I would like you to output every record below exactly, apart from the pictures.

SOURCE DATA START

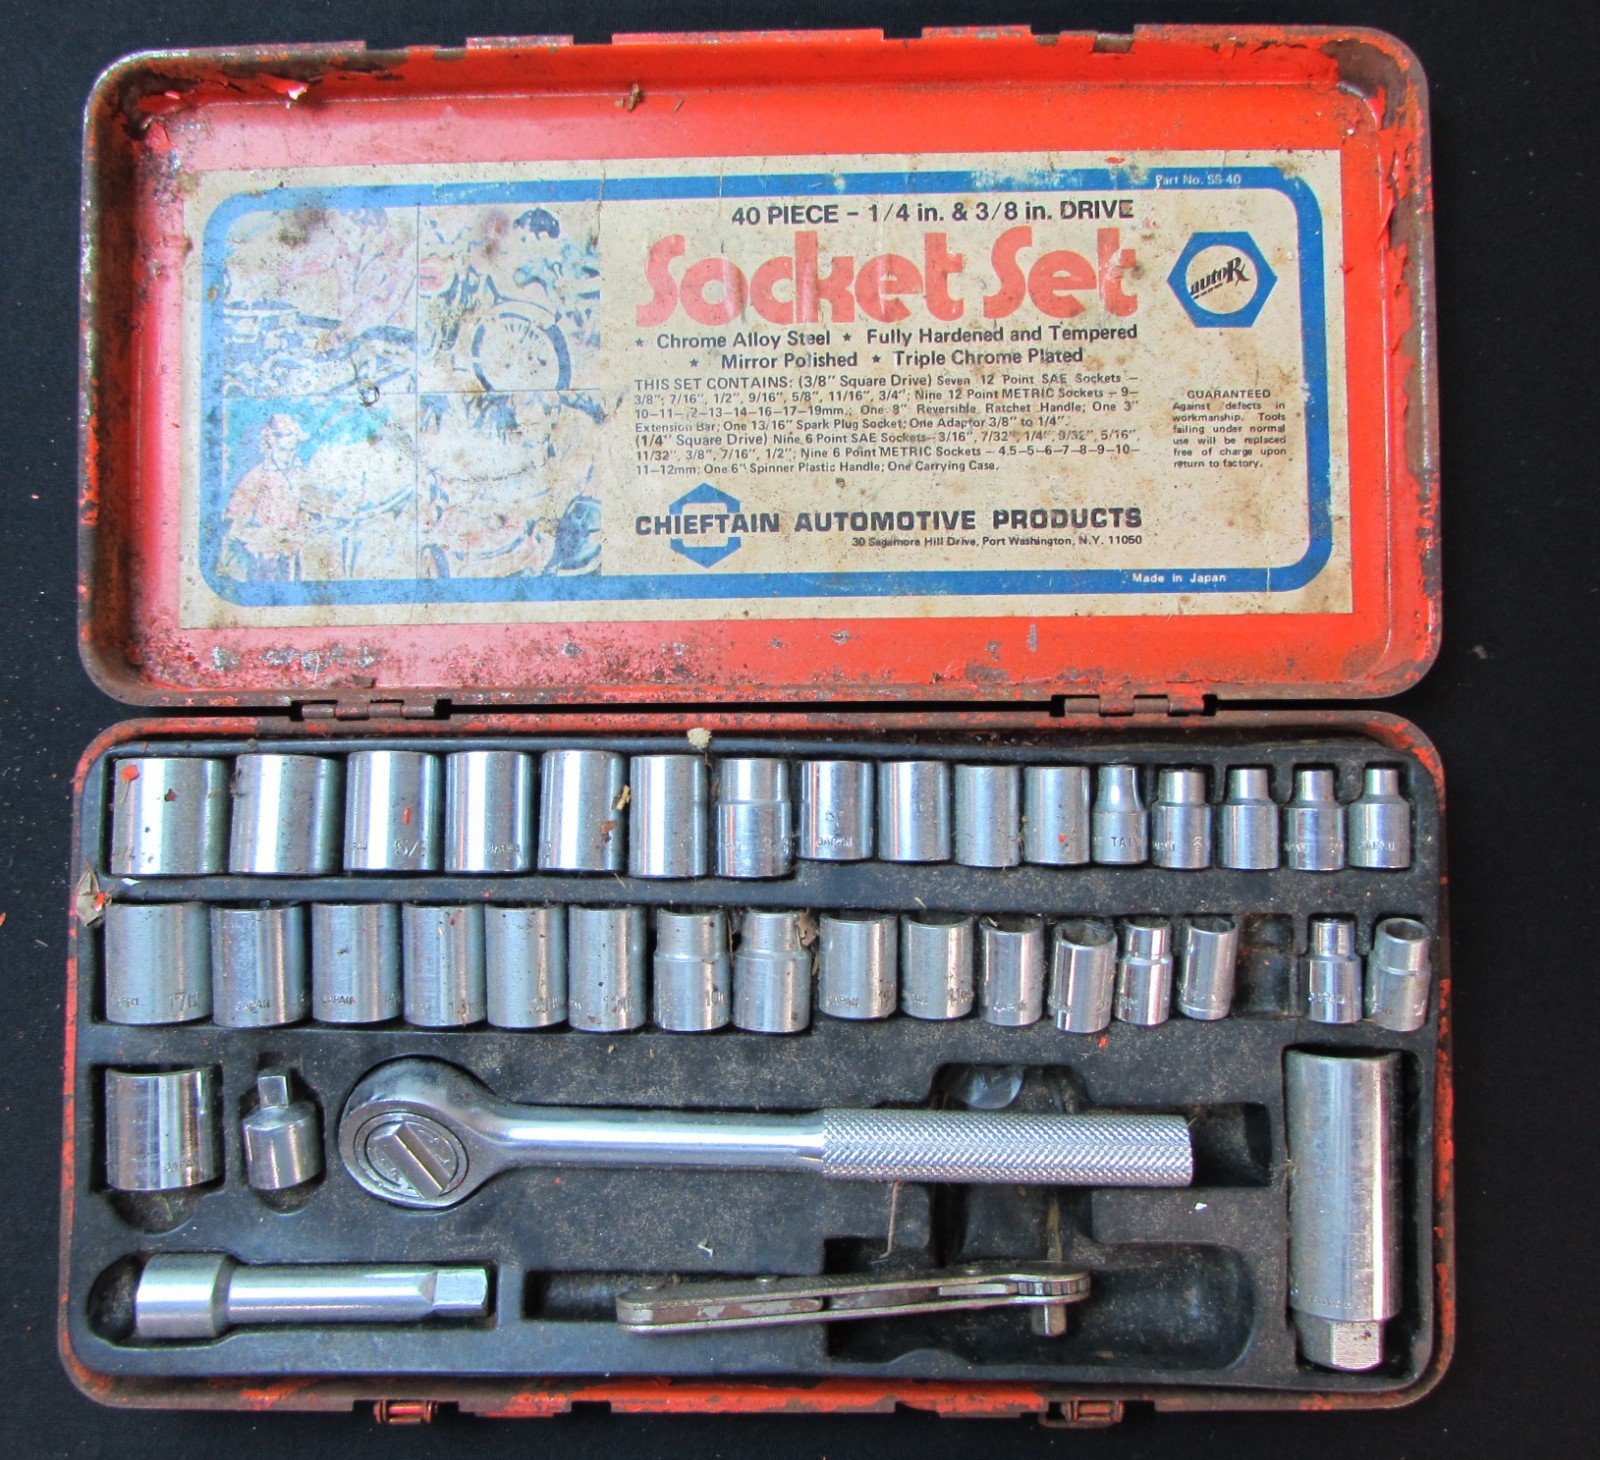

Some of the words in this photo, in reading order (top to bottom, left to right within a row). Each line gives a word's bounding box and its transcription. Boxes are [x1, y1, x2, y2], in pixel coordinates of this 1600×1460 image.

[1156, 174, 1178, 185] Part
[1183, 174, 1204, 185] No.
[731, 207, 761, 226] 40
[767, 205, 838, 225] PIECE
[868, 203, 910, 223] 1/4
[918, 203, 945, 223] in.
[951, 203, 968, 222] &
[975, 202, 1017, 222] 3/8
[1026, 202, 1052, 220] in.
[1060, 200, 1134, 220] DRIVE
[635, 229, 966, 327] Socket
[983, 226, 1138, 321] Set
[656, 333, 726, 349] Chrome
[732, 331, 781, 349] Alloy
[787, 330, 830, 345] Steel
[867, 328, 912, 346] Fully
[919, 326, 1003, 343] Hardened
[1010, 326, 1042, 342] and
[1049, 324, 1137, 342] Tempered
[721, 353, 777, 369] Mirror
[784, 352, 857, 368] Polished
[895, 350, 945, 368] Triple
[951, 348, 1021, 365] Chrome
[1028, 348, 1083, 363] Plated
[635, 379, 669, 390] THIS
[674, 378, 702, 390] SET
[840, 375, 886, 389] Square
[891, 374, 932, 387] Drive)
[937, 375, 971, 386] Seven
[981, 375, 994, 385] 12
[1003, 374, 1034, 385] Point
[1041, 373, 1067, 384] SAE
[1075, 373, 1121, 383] Sockets
[915, 390, 942, 400] Nine
[949, 389, 962, 399] 12
[967, 389, 998, 399] Point
[1002, 388, 1054, 398] METRIC
[1058, 387, 1104, 398] Sockets
[1187, 389, 1271, 399] GUARANTEED
[861, 405, 884, 415] One
[917, 403, 977, 414] Reversible
[985, 403, 1031, 413] Ratchet
[1092, 401, 1117, 411] One
[1172, 402, 1210, 412] Against
[1226, 401, 1262, 410] defects
[1275, 401, 1285, 410] in
[1172, 412, 1244, 422] workmanship.
[1258, 412, 1286, 421] Tools
[635, 422, 692, 432] Extension
[723, 421, 747, 431] One
[796, 419, 830, 431] Spark
[834, 419, 859, 431] Plug
[909, 418, 933, 428] One
[937, 418, 985, 429] Adaptor
[1021, 418, 1033, 427] to
[1173, 425, 1205, 435] failing
[1213, 425, 1242, 433] under
[1250, 424, 1285, 433] normal
[676, 434, 722, 448] Square
[727, 433, 768, 446] Drive)
[773, 434, 800, 444] Nine
[805, 434, 813, 444] 6
[816, 433, 848, 444] Point
[851, 433, 877, 443] SAE
[1198, 436, 1216, 445] will
[1224, 436, 1236, 445] be
[1244, 436, 1286, 445] replaced
[800, 448, 828, 458] Nine
[833, 447, 841, 457] 6
[845, 447, 876, 457] Point
[880, 446, 932, 457] METRIC
[936, 446, 981, 457] Sockets
[1173, 448, 1192, 457] free
[1201, 448, 1213, 456] of
[1219, 448, 1253, 457] charge
[1260, 449, 1286, 457] upon
[704, 464, 728, 474] One
[750, 462, 794, 475] Spinner
[798, 462, 836, 473] Plastic
[888, 461, 911, 471] One
[915, 461, 965, 472] Carrying
[969, 460, 999, 471] Case.
[1174, 460, 1205, 468] return
[1209, 460, 1219, 468] to
[635, 512, 780, 535] CHIEFTAIN
[795, 510, 976, 532] AUTOMOTIVE
[993, 507, 1142, 530] PRODUCTS
[852, 537, 866, 547] 30
[868, 537, 920, 548] Sagamore
[924, 536, 944, 546] Hill
[947, 536, 979, 547] Drive,
[982, 536, 1006, 546] Port
[1008, 536, 1075, 547] Washington,
[1078, 535, 1104, 545] N.Y.
[1109, 535, 1142, 545] 11050
[1132, 573, 1165, 583] Made
[1172, 573, 1183, 583] in
[1190, 572, 1226, 584] Japan

SOURCE DATA END

**THE ANSWER**:
Some of the words in this photo, in reading order (top to bottom, left to right within a row). Each line gives a word's bounding box and its transcription. Boxes are [x1, y1, x2, y2], in pixel coordinates of this 1600×1460 image.

[1156, 174, 1178, 185] Part
[1183, 174, 1204, 185] No.
[731, 207, 761, 226] 40
[767, 205, 838, 225] PIECE
[868, 203, 910, 223] 1/4
[918, 203, 945, 223] in.
[951, 203, 968, 222] &
[975, 202, 1017, 222] 3/8
[1026, 202, 1052, 220] in.
[1060, 200, 1134, 220] DRIVE
[635, 229, 966, 327] Socket
[983, 226, 1138, 321] Set
[656, 333, 726, 349] Chrome
[732, 331, 781, 349] Alloy
[787, 330, 830, 345] Steel
[867, 328, 912, 346] Fully
[919, 326, 1003, 343] Hardened
[1010, 326, 1042, 342] and
[1049, 324, 1137, 342] Tempered
[721, 353, 777, 369] Mirror
[784, 352, 857, 368] Polished
[895, 350, 945, 368] Triple
[951, 348, 1021, 365] Chrome
[1028, 348, 1083, 363] Plated
[635, 379, 669, 390] THIS
[674, 378, 702, 390] SET
[840, 375, 886, 389] Square
[891, 374, 932, 387] Drive)
[937, 375, 971, 386] Seven
[981, 375, 994, 385] 12
[1003, 374, 1034, 385] Point
[1041, 373, 1067, 384] SAE
[1075, 373, 1121, 383] Sockets
[915, 390, 942, 400] Nine
[949, 389, 962, 399] 12
[967, 389, 998, 399] Point
[1002, 388, 1054, 398] METRIC
[1058, 387, 1104, 398] Sockets
[1187, 389, 1271, 399] GUARANTEED
[861, 405, 884, 415] One
[917, 403, 977, 414] Reversible
[985, 403, 1031, 413] Ratchet
[1092, 401, 1117, 411] One
[1172, 402, 1210, 412] Against
[1226, 401, 1262, 410] defects
[1275, 401, 1285, 410] in
[1172, 412, 1244, 422] workmanship.
[1258, 412, 1286, 421] Tools
[635, 422, 692, 432] Extension
[723, 421, 747, 431] One
[796, 419, 830, 431] Spark
[834, 419, 859, 431] Plug
[909, 418, 933, 428] One
[937, 418, 985, 429] Adaptor
[1021, 418, 1033, 427] to
[1173, 425, 1205, 435] failing
[1213, 425, 1242, 433] under
[1250, 424, 1285, 433] normal
[676, 434, 722, 448] Square
[727, 433, 768, 446] Drive)
[773, 434, 800, 444] Nine
[805, 434, 813, 444] 6
[816, 433, 848, 444] Point
[851, 433, 877, 443] SAE
[1198, 436, 1216, 445] will
[1224, 436, 1236, 445] be
[1244, 436, 1286, 445] replaced
[800, 448, 828, 458] Nine
[833, 447, 841, 457] 6
[845, 447, 876, 457] Point
[880, 446, 932, 457] METRIC
[936, 446, 981, 457] Sockets
[1173, 448, 1192, 457] free
[1201, 448, 1213, 456] of
[1219, 448, 1253, 457] charge
[1260, 449, 1286, 457] upon
[704, 464, 728, 474] One
[750, 462, 794, 475] Spinner
[798, 462, 836, 473] Plastic
[888, 461, 911, 471] One
[915, 461, 965, 472] Carrying
[969, 460, 999, 471] Case.
[1174, 460, 1205, 468] return
[1209, 460, 1219, 468] to
[635, 512, 780, 535] CHIEFTAIN
[795, 510, 976, 532] AUTOMOTIVE
[993, 507, 1142, 530] PRODUCTS
[852, 537, 866, 547] 30
[868, 537, 920, 548] Sagamore
[924, 536, 944, 546] Hill
[947, 536, 979, 547] Drive,
[982, 536, 1006, 546] Port
[1008, 536, 1075, 547] Washington,
[1078, 535, 1104, 545] N.Y.
[1109, 535, 1142, 545] 11050
[1132, 573, 1165, 583] Made
[1172, 573, 1183, 583] in
[1190, 572, 1226, 584] Japan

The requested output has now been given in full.